A faithful copy of all the data is the goal; omit the pictures.

◆ Supplied data ◆
►

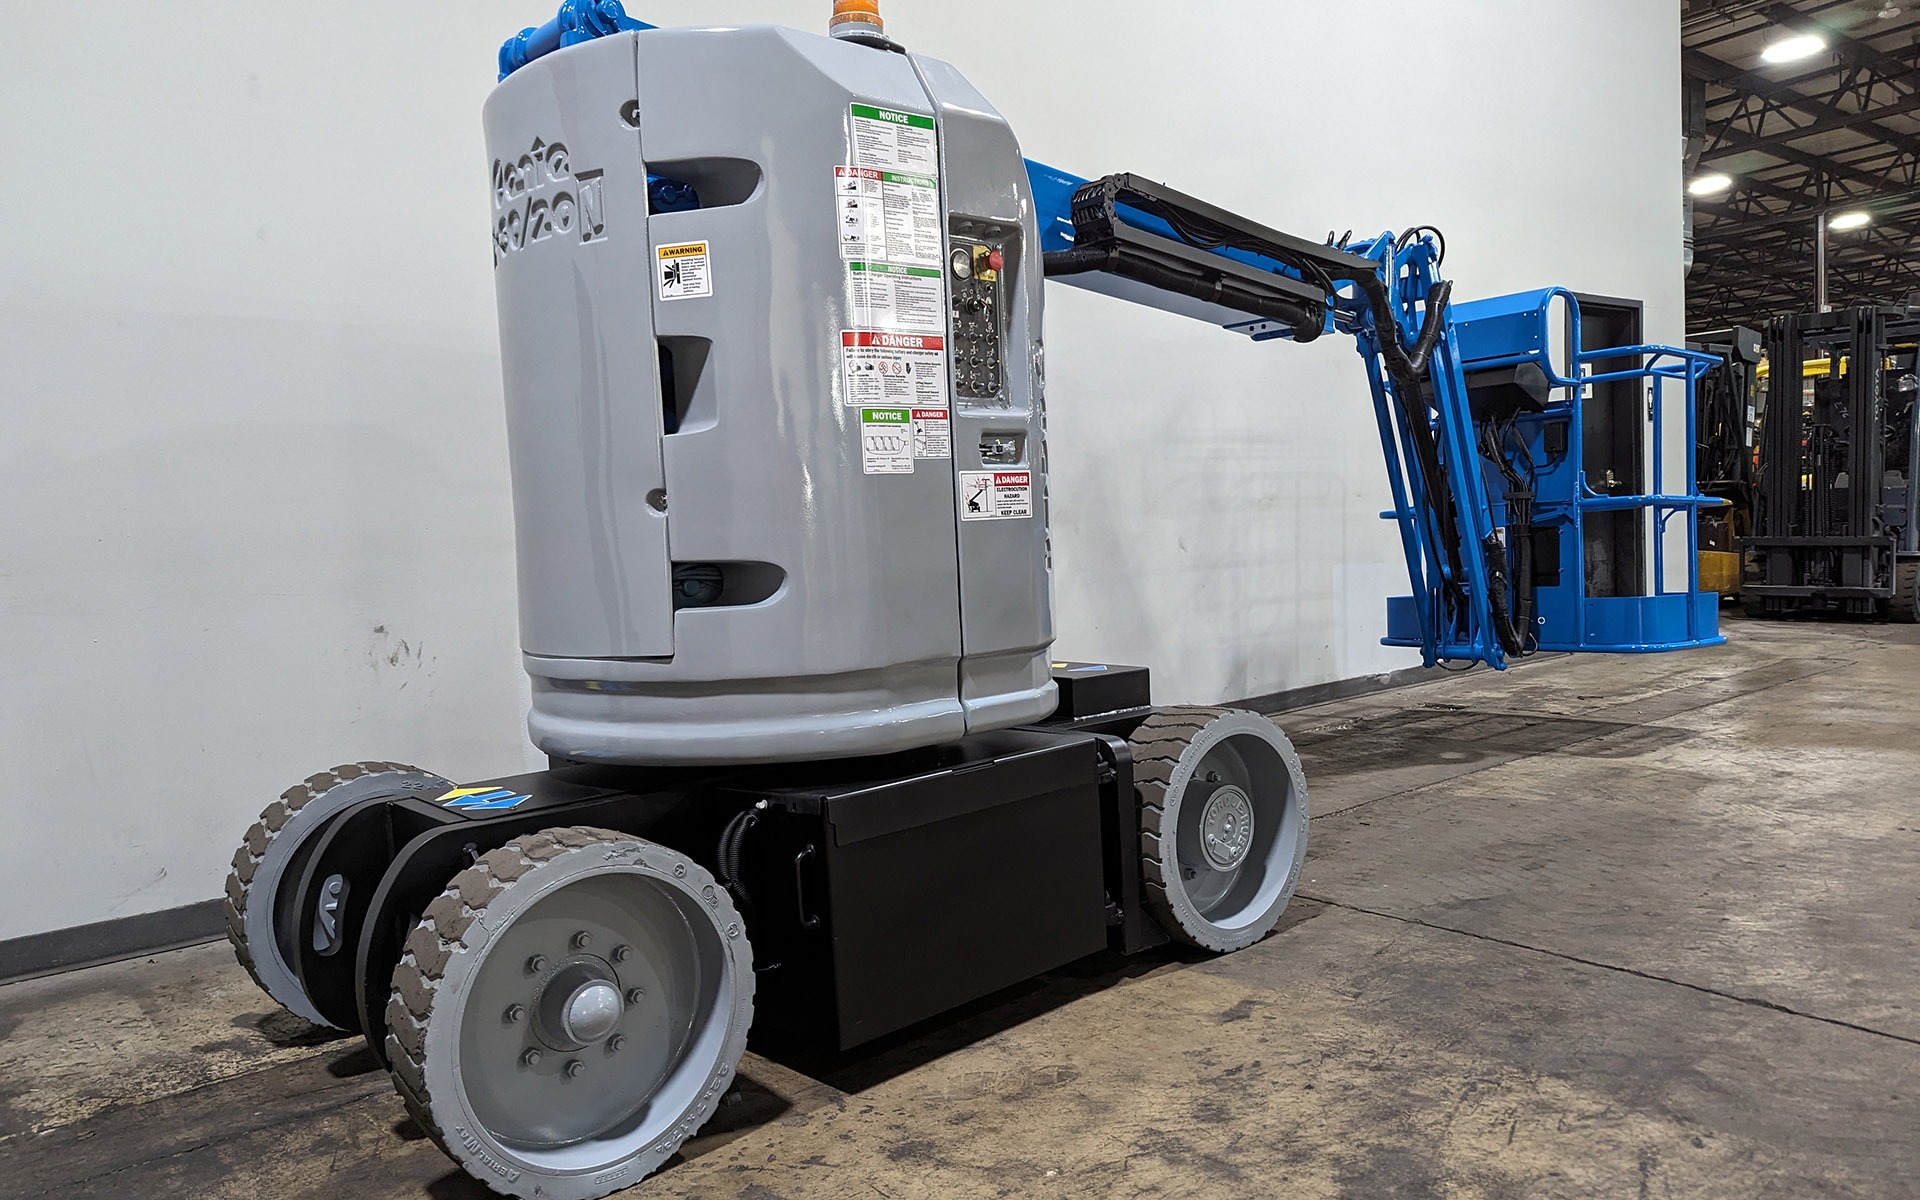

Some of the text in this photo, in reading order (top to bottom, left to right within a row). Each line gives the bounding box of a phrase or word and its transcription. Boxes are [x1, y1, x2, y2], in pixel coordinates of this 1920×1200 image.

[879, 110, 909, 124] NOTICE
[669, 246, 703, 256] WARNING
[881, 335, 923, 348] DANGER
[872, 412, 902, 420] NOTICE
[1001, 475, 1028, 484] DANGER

◄

◆ Solution ◆
Some of the text in this photo, in reading order (top to bottom, left to right within a row). Each line gives the bounding box of a phrase or word and its transcription. Boxes are [x1, y1, x2, y2], in pixel coordinates of this 1920×1200 image.

[879, 110, 909, 124] NOTICE
[669, 246, 703, 256] WARNING
[881, 335, 923, 348] DANGER
[872, 412, 902, 420] NOTICE
[1001, 475, 1028, 484] DANGER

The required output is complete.